• State Resolved
  • Locked Locked
  • Replies 3 replies
  • Subscribers 30 subscribers
  • Views 562 views
  • Users 0 members are here
Support feedback
Options
Options
Related

This thread has been locked.

If you have a related question, please click the "Ask a related question" button in the top right corner. The newly created question will be automatically linked to this question.

TMS570LS0432: FLA1 Diagnostic

colleenk
Prodigy 120 points
Part Number: TMS570LS0432

 Hello,

According to spnu540a.pdf, FLA1 has three possible tests for diagnostic: CPU1,  FLA10, and FLA11.

Do I have to implement all three tests for diagnostic to take credit for FLA1?  I have already done CPU1's test for diagnostic, so I am wondering if it is required to do both FLA10 and FLA11 also.  The spreadsheet around selecting diagnostics doesn't seem to tell me the answer to this question.

Thanks.

  • 0
    TI__Guru 59540 points
    Hello Colleen,

    The answer is dependent on what safety standard you are targeting. For the automotive standard there are three primary metrics you are striving to meet. These are PMFH, SPFM, and LFM. The use of the tests for diagnostics will generally improve your ability to meet these metrics.

    In regard to using the FMEDA spreadsheet, be sure to look at both the summary pages as well as the detail pages to see if there are any changes to any of the listed metrics. In some cases the changes are very small and negligible with respect to the metrics but should be considered for other reasons.
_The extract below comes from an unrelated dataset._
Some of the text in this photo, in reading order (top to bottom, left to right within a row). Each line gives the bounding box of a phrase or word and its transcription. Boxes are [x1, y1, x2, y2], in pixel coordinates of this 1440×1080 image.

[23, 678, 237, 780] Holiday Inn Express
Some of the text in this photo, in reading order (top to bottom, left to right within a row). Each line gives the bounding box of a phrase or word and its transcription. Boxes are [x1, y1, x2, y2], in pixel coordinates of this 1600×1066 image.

The use of the tests for diagnostics will generally improve your ability to meet these metrics.

    In the case of the CPU1 test for diagnostic, it is monitoring the outputs of the CPUs which includes the ECC logic. So, in short it is a real time monitor of the ECC logic that is used in FLA1. This is an online test meaning that it will detect the fault at the point of use resulting in a single point fault even if it is still protecting the safety function/safety operation of the system.
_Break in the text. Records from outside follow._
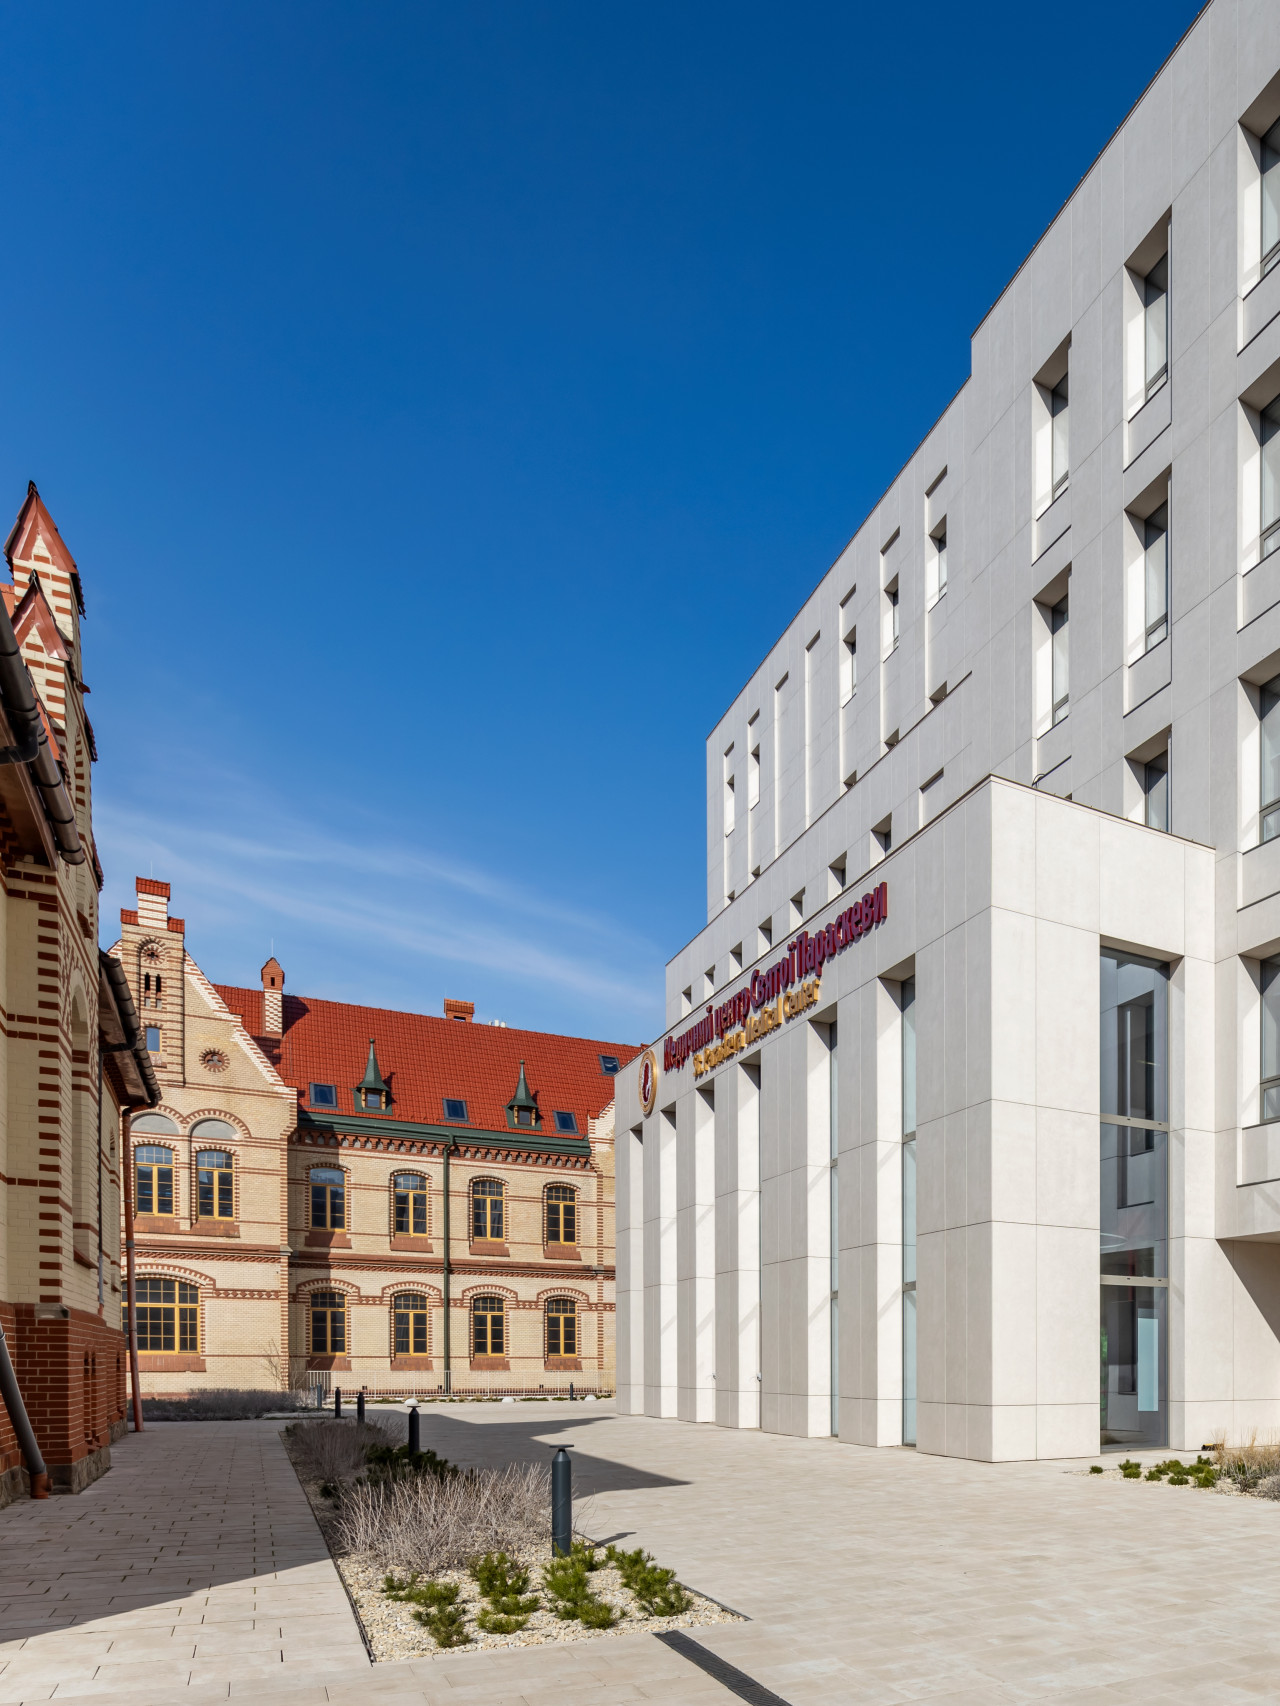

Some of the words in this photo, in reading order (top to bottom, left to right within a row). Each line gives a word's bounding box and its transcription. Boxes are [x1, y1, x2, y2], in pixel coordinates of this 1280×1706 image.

[714, 987, 750, 1039] центр
[750, 941, 795, 1008] Святої
[796, 882, 887, 976] Параскеви
[745, 996, 782, 1044] Medical
[783, 978, 820, 1018] Center
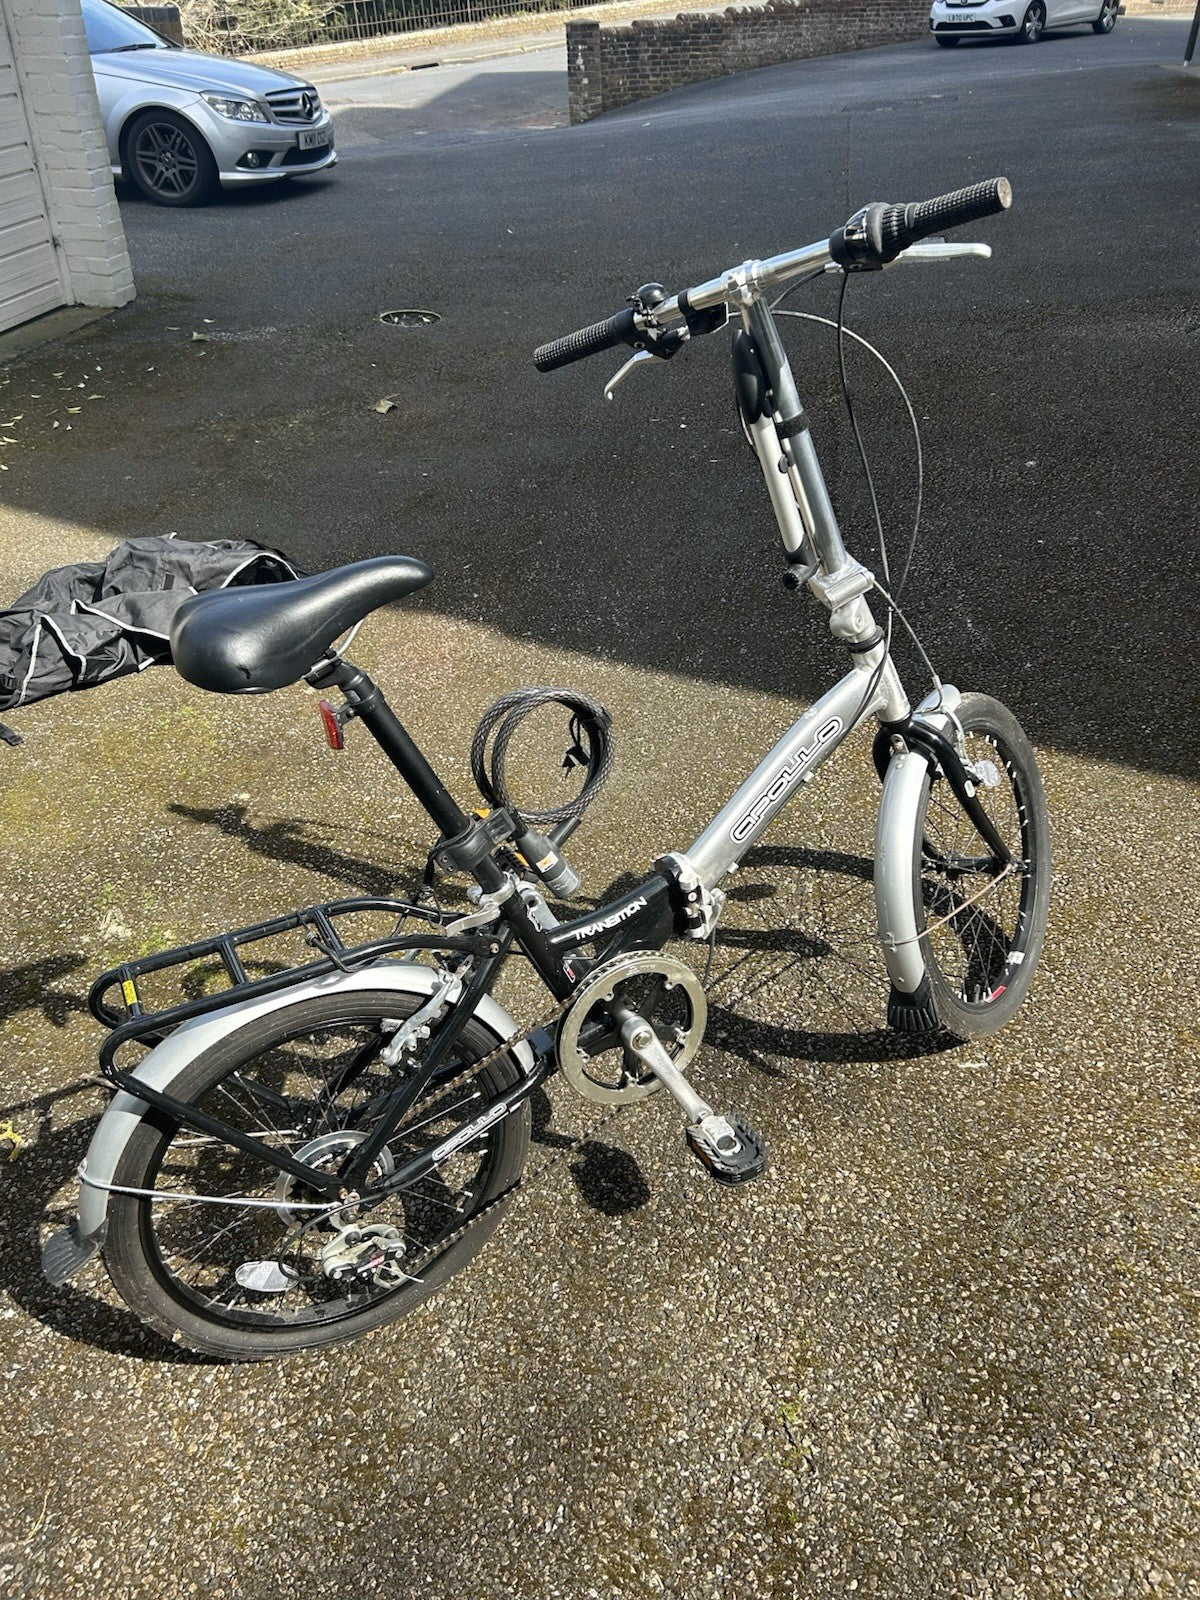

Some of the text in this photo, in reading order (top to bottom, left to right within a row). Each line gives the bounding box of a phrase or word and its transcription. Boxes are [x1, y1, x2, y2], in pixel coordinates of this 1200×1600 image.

[731, 717, 841, 842] APOLLO
[572, 896, 648, 940] TRANSITION
[432, 1102, 507, 1161] APOLLO
    In the case of FLA10 and FLA7, these are tests of the safety mechanism outside of the the point of use so they are effective for latent fault detection. i.e., they will detect a fault in the ECC logic potentially before it becomes a fault at the point of use. i.e., it is an effective latent fault detection mechanism. This is important for meeting the LFM targets associated with ISO26262; however, there is no such metric for IEC61508 even if one should still consider latent or residual faults even in IEC61508 systems. Also note that since these tests are testing the fault mechanism in both a postitive and negative way, it is also exercising the error notification path to validate that there are no defects in the logic paths including the ESM as well.

    In short, although there is some commonality in the logic that is tested by these diagnostics, there are also some areas that are unique to the each test. I know this doesn't necessarily answer your question in a direct way, but we are really unable to do so. This is because we do not know your application, your targets for safety, or your specific system level safety goals. In the end, you will need to gauge the overall impact to your system level safety and determine if these are necessary based on their function.
  • 0 in reply to Chuck Davenport
    Prodigy 120 points
    Hi Chuck,

    Thanks for the response. I have a followup question about using the spreadsheet in this case.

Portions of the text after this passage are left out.